Tuesday, June 6, 2017

Legends of RPG Art: David C Sutherland III

Whenever the subject of old school D&D art is mentioned, certain names will inevitably pop up: such as Erol Otus, Dave Trampier, Jeff Dee, and Larry Elmore  - some of the greater and most celebrated early artists of the TSR stable. But among the greater number of artists, including those no less recognisable, but for whom the ages haven't preserved in as high regard, there are other names which are perhaps less celebrated. And today I'm thinking of the late, great Dave C Sutherland III, who died this day in 2005.
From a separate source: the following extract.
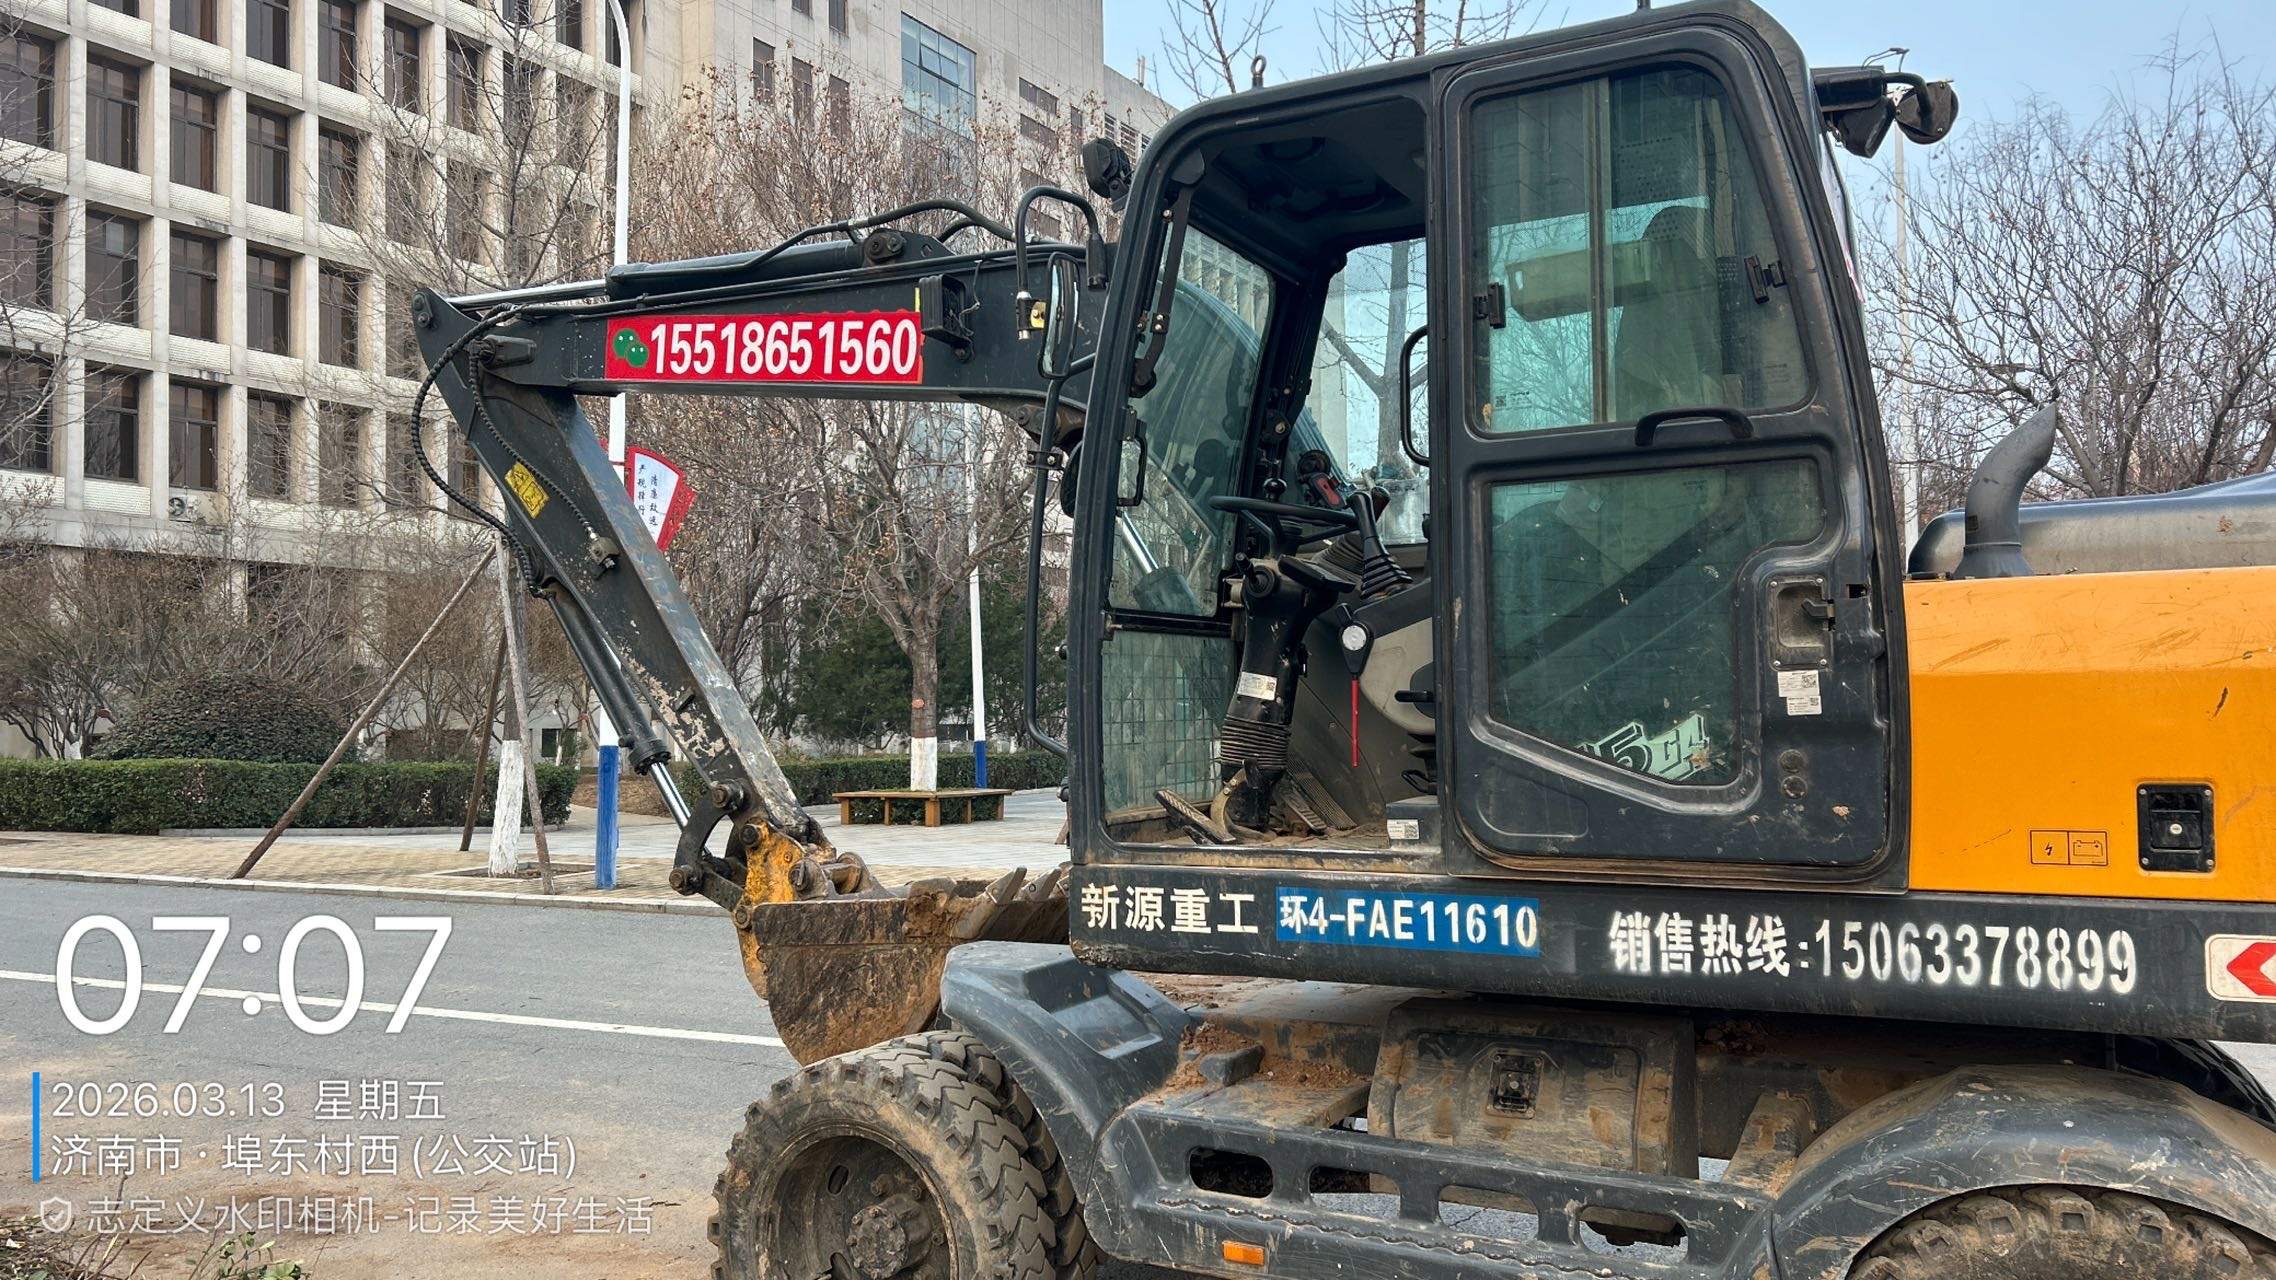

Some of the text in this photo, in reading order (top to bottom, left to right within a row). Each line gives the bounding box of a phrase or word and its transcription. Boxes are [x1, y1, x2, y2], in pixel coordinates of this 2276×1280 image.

[651, 318, 917, 375] 15518651560
[1080, 883, 1259, 935] 新源重工
[1279, 894, 1538, 949] 环4-FAE11610
You've seen Sutherland's art if you've seen anything from the early days of RPGs, including Holmes Basic D&D and its companion 1st Edition AD&D - hell, Sutherland's art to me is 1st Edition AD&D, good and bad.
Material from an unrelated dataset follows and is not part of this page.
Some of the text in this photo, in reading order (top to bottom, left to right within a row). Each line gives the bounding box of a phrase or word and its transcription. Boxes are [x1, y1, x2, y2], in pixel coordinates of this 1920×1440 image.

It's unfair that Sutherland's work suffers the lot it has, while those of his immediate peers have over time accrued comparatively greater glory; and yet maybe it's because Sutherlands work sits so readily alongside the likes of Dave Trampier's and Erol Otus, that comparison damns him. Sutherland's art has been called a lot of things;  naive, 'aspirational', amateurish, goofy, and just ugly. The website Something Awful in its one-time series WTFDnD? lumped his work in the Monster Manual alongside other, earlier D&D Holmes era art, "Outsider art" - a deeply unflattering term. Sutherland's art is what it is - varied and variable, but I would say that when on form he truly held his head high. Just as Trampier had the Players Manual cover with its demonic stone idol and adventurers, and Otus Deities and Demigods, Sutherland produced the Dungeon Master's Guide and, for his sins, the Monster Manual. Though the latter has aquired a sort of kitsch following with its busy, garish and literal layout, there's nothing wrong with the cover of the DMG; the efreet depicted on it looks appropriately saturnine and dramatic, and his interior full page piece 'A Paladin in Hell' is a recognisable classic. Sutherland's box art for Holmes edition Basic D&D presents a shortform imagining of a D&D game conclusion, featuring a Fighter, a Wizard, a Dragon and its hoard. Sutherland was a literalist, if nothing else.
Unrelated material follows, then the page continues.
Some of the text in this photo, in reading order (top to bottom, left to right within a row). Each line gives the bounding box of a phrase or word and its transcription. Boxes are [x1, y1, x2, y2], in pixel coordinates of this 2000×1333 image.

But then DCS was a player as well, and what I like most about Sutherland's art is that it is player's art. He played the game, sculpted his figures, and he mapped his adventures. In fact, among Grognards of the early years Sutherland's creative reputation exceeds his graphic works  - not only was he a valued a cartographer for some very highly regarded modules, but he created the Wemic and was co-creator of Queen of the Demonweb Pits. He's one of a breed of early TSR employees for whom their work was also their play, one of those special few around whom the game evolved. So then Sutherland's art is a touchstone from a time when D&D had left its wargaming Chainmail incarnation behind - but in a highly organic evolution; hence his Fighters wear chivalric chain and helms, or have swords-and-sandals well-proportioned arms and kite shields; his Magic Users are bearded, pointy-hatted conjurors, and his demi-humans scatter about their feet like children.Often these chracters are caught mid-combat, or in the base of the Holmes set and AD&D rulebooks actually exploring caverns and ruins, drawn from the days when adventuring was likely fifty per cent traipsing down corridors with a ten-foot pole. I like that Sutherland's art speaks to the foundations of the game and the less sanitised, cookie cutter heroic art of the recent present. And yes, at times it resembles the distracted, slightly scribbled marginalia of a player's Character Sheet, but that's authentic, too.

Alongside the illuminated style of DAT, Sutherland's 'DCS' (the C often styled to reseble an 'I', hence DIS and DAT) work in tandem, two sides of the same coin. Sadly, Sutherland's future with TSR post-Wizards of the Coast buy-out was lessthan triumphant, and feeling rejected by the industry he'd loved, his income and health suffered, and it was only in his last year, through the attention and efforts of fandom that his work was recognised and given real value. 

2 comments:

  1. He didn't understand tangents and was simply less talented than the other artists.

    ReplyDelete
    Replies
    1. And yet here we are, talking about his art after he's gone. Good and bad are subjective. His art had a tangible impact.